### Records for this exercise
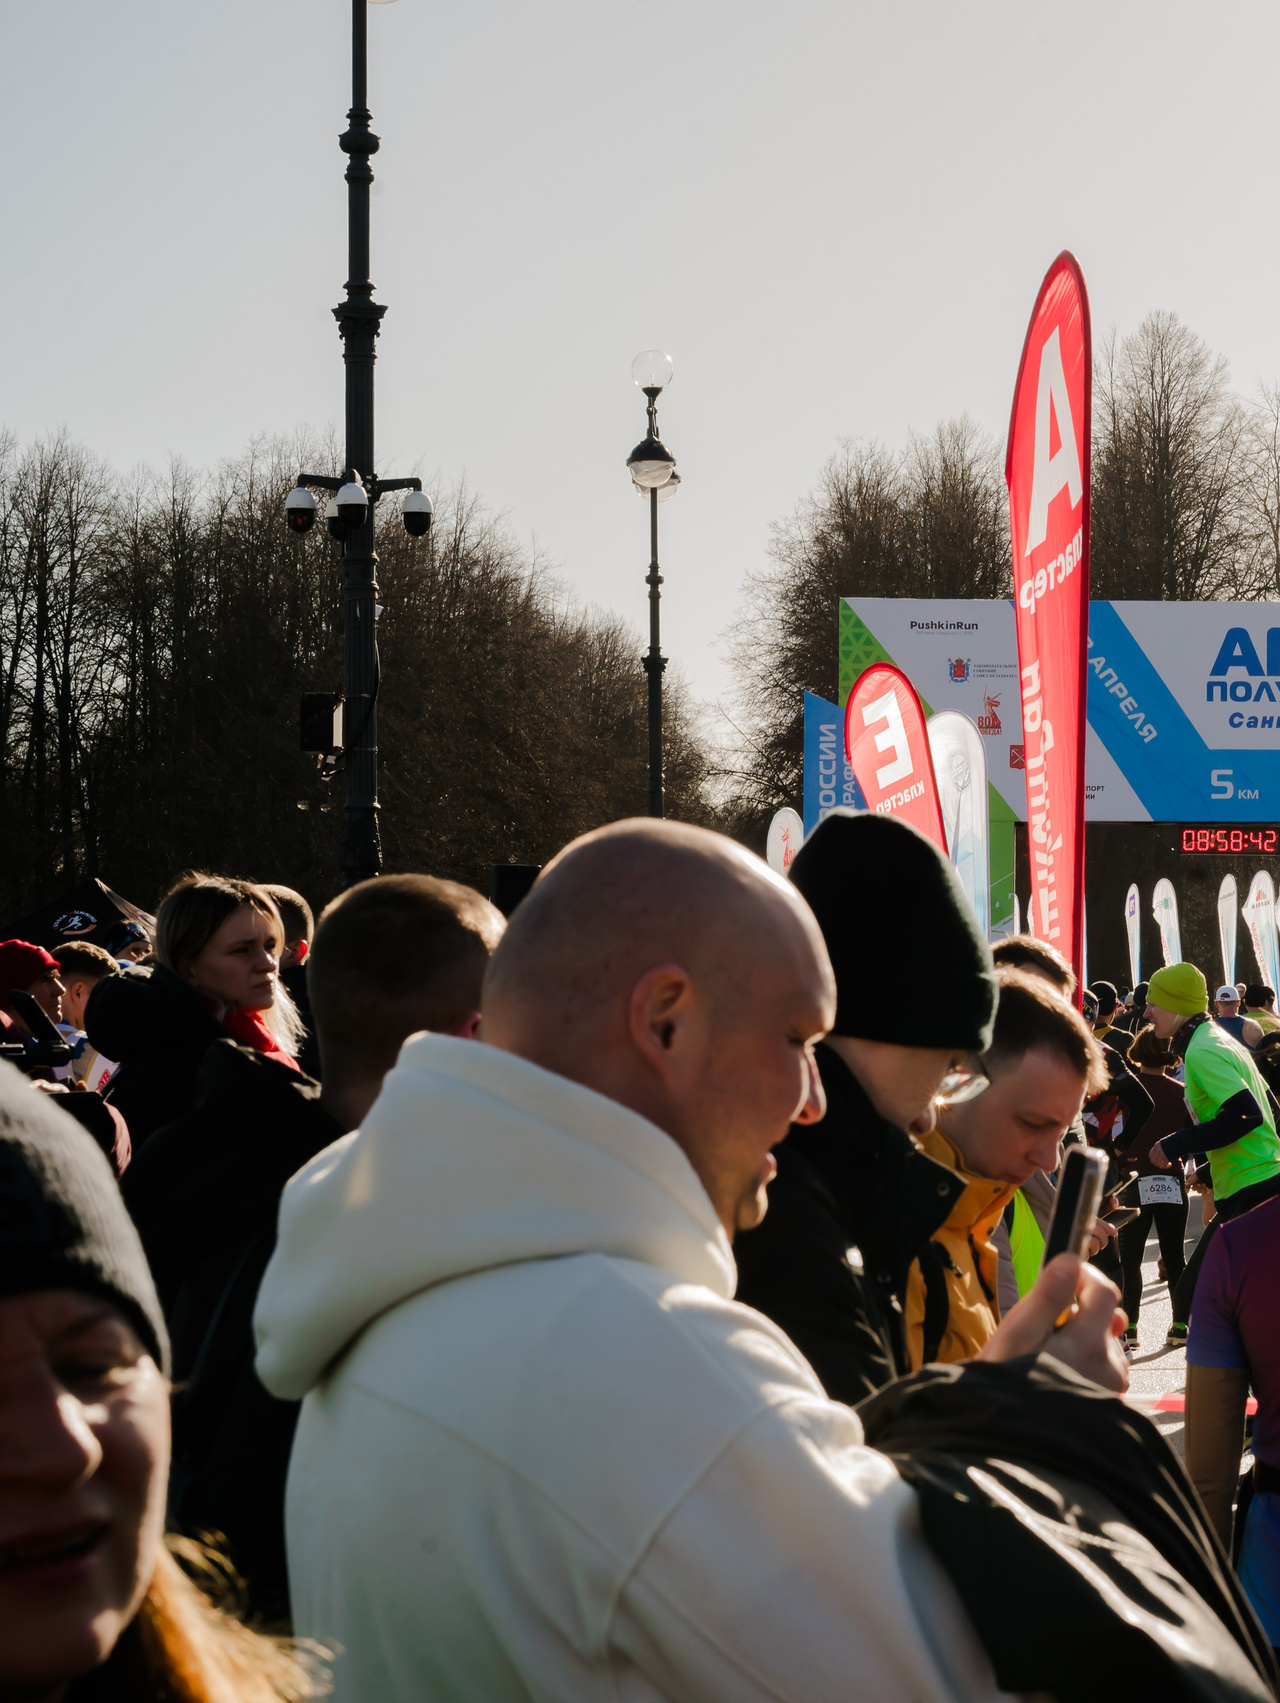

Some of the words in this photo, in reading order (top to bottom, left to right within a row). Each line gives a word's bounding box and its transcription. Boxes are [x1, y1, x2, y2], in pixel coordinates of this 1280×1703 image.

[910, 620, 978, 630] PushkinRun
[1087, 655, 1159, 744] АПРЕЛЯ
[1210, 769, 1234, 800] 5
[1238, 787, 1260, 800] КМ
[1182, 829, 1278, 853] 08:58:42
[1149, 1183, 1173, 1193] 6286

### What you are asked to do
Pictures stay out. Everything else in the listing gets printed exactly.

### Task response
Some of the words in this photo, in reading order (top to bottom, left to right within a row). Each line gives a word's bounding box and its transcription. Boxes are [x1, y1, x2, y2], in pixel coordinates of this 1280×1703 image.

[910, 620, 978, 630] PushkinRun
[1087, 655, 1159, 744] АПРЕЛЯ
[1210, 769, 1234, 800] 5
[1238, 787, 1260, 800] КМ
[1182, 829, 1278, 853] 08:58:42
[1149, 1183, 1173, 1193] 6286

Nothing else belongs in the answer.